- _PROBLEM REQUIREMENTS_:
Your output should match the listing below word for word, without any images.
______________________________
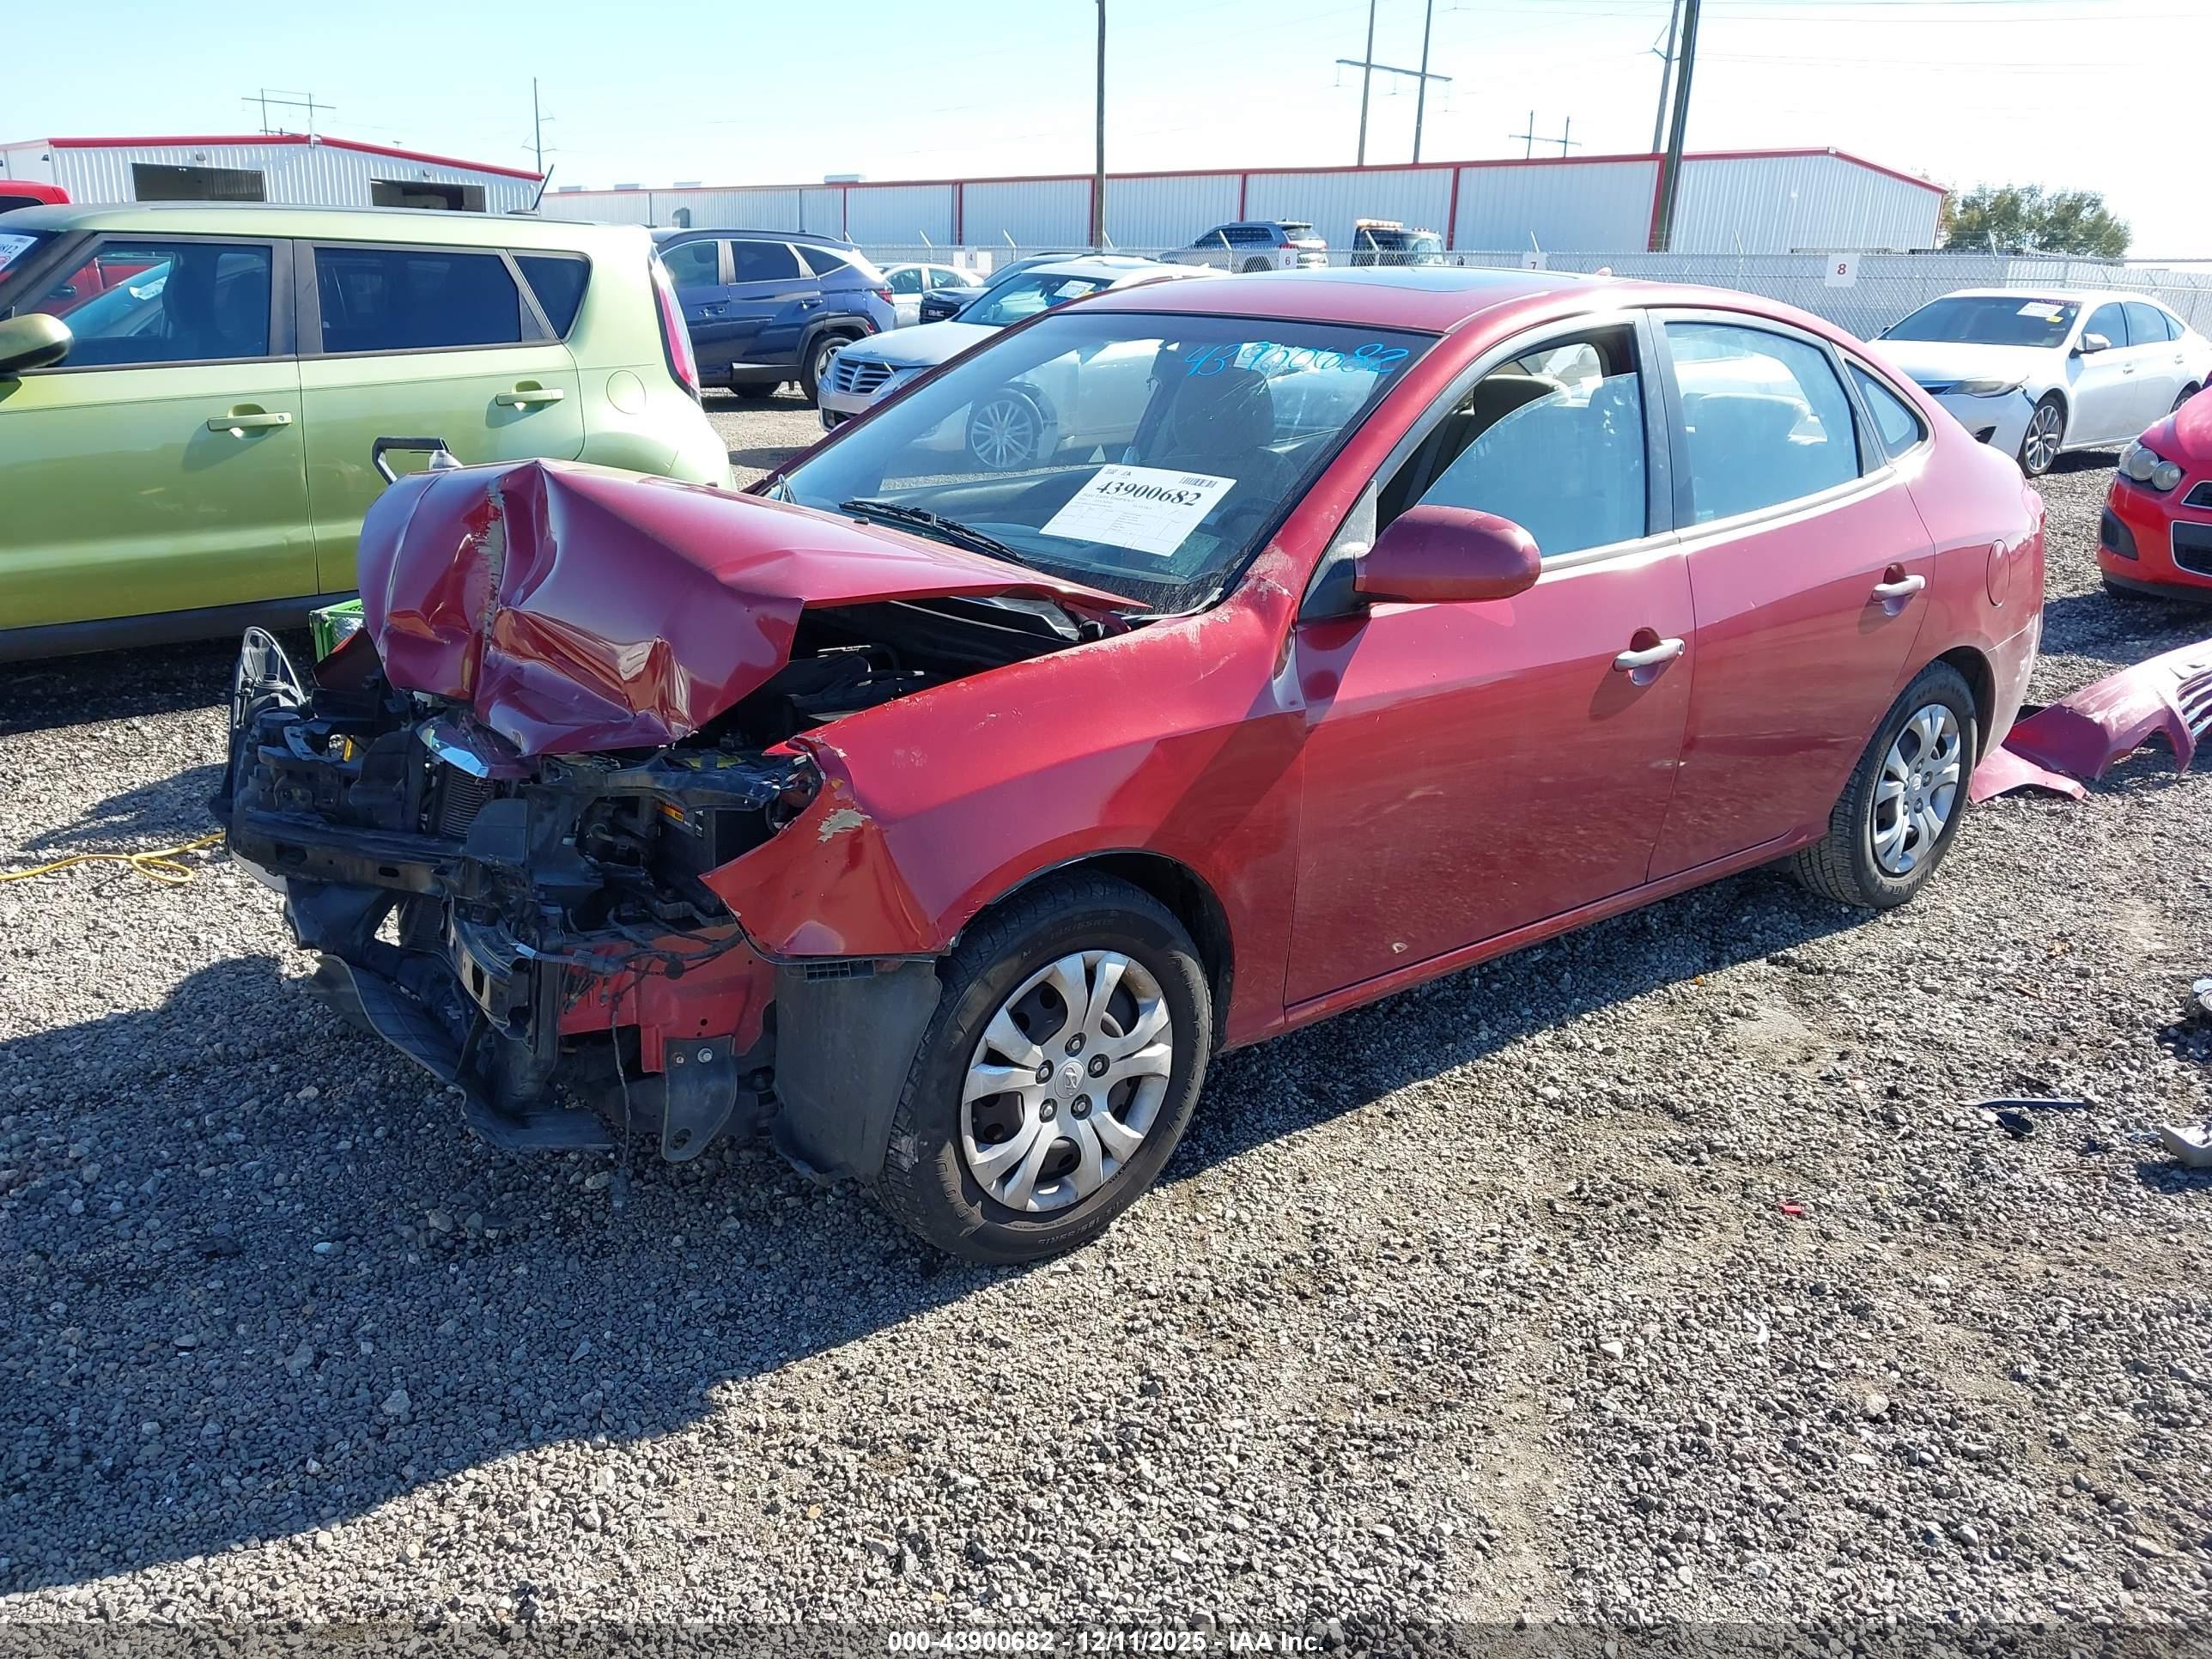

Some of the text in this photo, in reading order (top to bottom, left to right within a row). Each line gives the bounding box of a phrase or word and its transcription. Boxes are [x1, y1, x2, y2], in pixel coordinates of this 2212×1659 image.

[1285, 256, 1291, 265] 6
[1530, 261, 1538, 270] 7
[1837, 263, 1847, 276] 8
[1184, 340, 1410, 376] 43900682
[1096, 480, 1202, 507] 43900682
______________________________
- _PROBLEM SOLUTION_:
Some of the text in this photo, in reading order (top to bottom, left to right within a row). Each line gives the bounding box of a phrase or word and its transcription. Boxes are [x1, y1, x2, y2], in pixel coordinates of this 2212×1659 image.

[1285, 256, 1291, 265] 6
[1530, 261, 1538, 270] 7
[1837, 263, 1847, 276] 8
[1184, 340, 1410, 376] 43900682
[1096, 480, 1202, 507] 43900682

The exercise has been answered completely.